*Exercise prompt*
In this exercise, the data must be written out exactly.
-----
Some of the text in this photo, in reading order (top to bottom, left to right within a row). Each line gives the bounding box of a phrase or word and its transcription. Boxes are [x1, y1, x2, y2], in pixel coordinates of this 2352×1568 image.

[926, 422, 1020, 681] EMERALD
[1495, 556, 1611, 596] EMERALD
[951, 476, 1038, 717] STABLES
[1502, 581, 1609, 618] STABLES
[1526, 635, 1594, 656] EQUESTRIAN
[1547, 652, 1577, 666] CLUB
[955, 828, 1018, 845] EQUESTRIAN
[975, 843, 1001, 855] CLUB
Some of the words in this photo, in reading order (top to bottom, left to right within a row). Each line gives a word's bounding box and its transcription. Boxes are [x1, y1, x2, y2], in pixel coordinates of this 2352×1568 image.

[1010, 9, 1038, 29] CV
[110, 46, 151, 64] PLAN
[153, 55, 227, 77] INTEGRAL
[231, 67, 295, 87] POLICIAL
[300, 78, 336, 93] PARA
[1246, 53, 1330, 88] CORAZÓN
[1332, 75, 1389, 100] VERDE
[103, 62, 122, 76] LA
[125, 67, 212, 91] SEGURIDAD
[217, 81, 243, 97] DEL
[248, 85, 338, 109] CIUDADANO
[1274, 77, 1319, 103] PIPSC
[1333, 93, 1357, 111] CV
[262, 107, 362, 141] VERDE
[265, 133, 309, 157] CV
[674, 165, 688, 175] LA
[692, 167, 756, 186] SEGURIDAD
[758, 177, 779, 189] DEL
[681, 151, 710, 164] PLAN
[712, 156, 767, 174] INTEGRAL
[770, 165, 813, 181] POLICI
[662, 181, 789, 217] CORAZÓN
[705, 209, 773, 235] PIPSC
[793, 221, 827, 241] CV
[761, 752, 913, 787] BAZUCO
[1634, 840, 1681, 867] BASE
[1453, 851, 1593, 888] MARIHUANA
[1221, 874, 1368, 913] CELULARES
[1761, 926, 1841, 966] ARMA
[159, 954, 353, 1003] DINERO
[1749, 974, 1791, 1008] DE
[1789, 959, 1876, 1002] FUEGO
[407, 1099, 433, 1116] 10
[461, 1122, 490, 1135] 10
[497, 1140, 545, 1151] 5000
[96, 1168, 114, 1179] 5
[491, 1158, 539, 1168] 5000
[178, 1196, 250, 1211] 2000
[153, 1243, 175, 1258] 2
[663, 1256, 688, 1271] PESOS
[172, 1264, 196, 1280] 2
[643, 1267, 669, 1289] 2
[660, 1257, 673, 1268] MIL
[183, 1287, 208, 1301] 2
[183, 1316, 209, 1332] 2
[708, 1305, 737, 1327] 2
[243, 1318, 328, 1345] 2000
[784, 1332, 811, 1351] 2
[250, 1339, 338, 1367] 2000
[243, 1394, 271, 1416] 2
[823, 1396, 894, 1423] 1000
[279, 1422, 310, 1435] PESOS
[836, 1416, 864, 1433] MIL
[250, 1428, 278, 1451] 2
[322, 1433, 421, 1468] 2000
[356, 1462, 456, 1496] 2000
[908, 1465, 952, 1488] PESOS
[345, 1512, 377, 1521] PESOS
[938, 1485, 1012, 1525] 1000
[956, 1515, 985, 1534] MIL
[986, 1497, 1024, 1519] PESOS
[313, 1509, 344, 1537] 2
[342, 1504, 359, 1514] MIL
-----
*Exercise response*
Some of the text in this photo, in reading order (top to bottom, left to right within a row). Each line gives the bounding box of a phrase or word and its transcription. Boxes are [x1, y1, x2, y2], in pixel coordinates of this 2352×1568 image.

[926, 422, 1020, 681] EMERALD
[1495, 556, 1611, 596] EMERALD
[951, 476, 1038, 717] STABLES
[1502, 581, 1609, 618] STABLES
[1526, 635, 1594, 656] EQUESTRIAN
[1547, 652, 1577, 666] CLUB
[955, 828, 1018, 845] EQUESTRIAN
[975, 843, 1001, 855] CLUB
Some of the words in this photo, in reading order (top to bottom, left to right within a row). Each line gives a word's bounding box and its transcription. Boxes are [x1, y1, x2, y2], in pixel coordinates of this 2352×1568 image.

[1010, 9, 1038, 29] CV
[110, 46, 151, 64] PLAN
[153, 55, 227, 77] INTEGRAL
[231, 67, 295, 87] POLICIAL
[300, 78, 336, 93] PARA
[1246, 53, 1330, 88] CORAZÓN
[1332, 75, 1389, 100] VERDE
[103, 62, 122, 76] LA
[125, 67, 212, 91] SEGURIDAD
[217, 81, 243, 97] DEL
[248, 85, 338, 109] CIUDADANO
[1274, 77, 1319, 103] PIPSC
[1333, 93, 1357, 111] CV
[262, 107, 362, 141] VERDE
[265, 133, 309, 157] CV
[674, 165, 688, 175] LA
[692, 167, 756, 186] SEGURIDAD
[758, 177, 779, 189] DEL
[681, 151, 710, 164] PLAN
[712, 156, 767, 174] INTEGRAL
[770, 165, 813, 181] POLICI
[662, 181, 789, 217] CORAZÓN
[705, 209, 773, 235] PIPSC
[793, 221, 827, 241] CV
[761, 752, 913, 787] BAZUCO
[1634, 840, 1681, 867] BASE
[1453, 851, 1593, 888] MARIHUANA
[1221, 874, 1368, 913] CELULARES
[1761, 926, 1841, 966] ARMA
[159, 954, 353, 1003] DINERO
[1749, 974, 1791, 1008] DE
[1789, 959, 1876, 1002] FUEGO
[407, 1099, 433, 1116] 10
[461, 1122, 490, 1135] 10
[497, 1140, 545, 1151] 5000
[96, 1168, 114, 1179] 5
[491, 1158, 539, 1168] 5000
[178, 1196, 250, 1211] 2000
[153, 1243, 175, 1258] 2
[663, 1256, 688, 1271] PESOS
[172, 1264, 196, 1280] 2
[643, 1267, 669, 1289] 2
[660, 1257, 673, 1268] MIL
[183, 1287, 208, 1301] 2
[183, 1316, 209, 1332] 2
[708, 1305, 737, 1327] 2
[243, 1318, 328, 1345] 2000
[784, 1332, 811, 1351] 2
[250, 1339, 338, 1367] 2000
[243, 1394, 271, 1416] 2
[823, 1396, 894, 1423] 1000
[279, 1422, 310, 1435] PESOS
[836, 1416, 864, 1433] MIL
[250, 1428, 278, 1451] 2
[322, 1433, 421, 1468] 2000
[356, 1462, 456, 1496] 2000
[908, 1465, 952, 1488] PESOS
[345, 1512, 377, 1521] PESOS
[938, 1485, 1012, 1525] 1000
[956, 1515, 985, 1534] MIL
[986, 1497, 1024, 1519] PESOS
[313, 1509, 344, 1537] 2
[342, 1504, 359, 1514] MIL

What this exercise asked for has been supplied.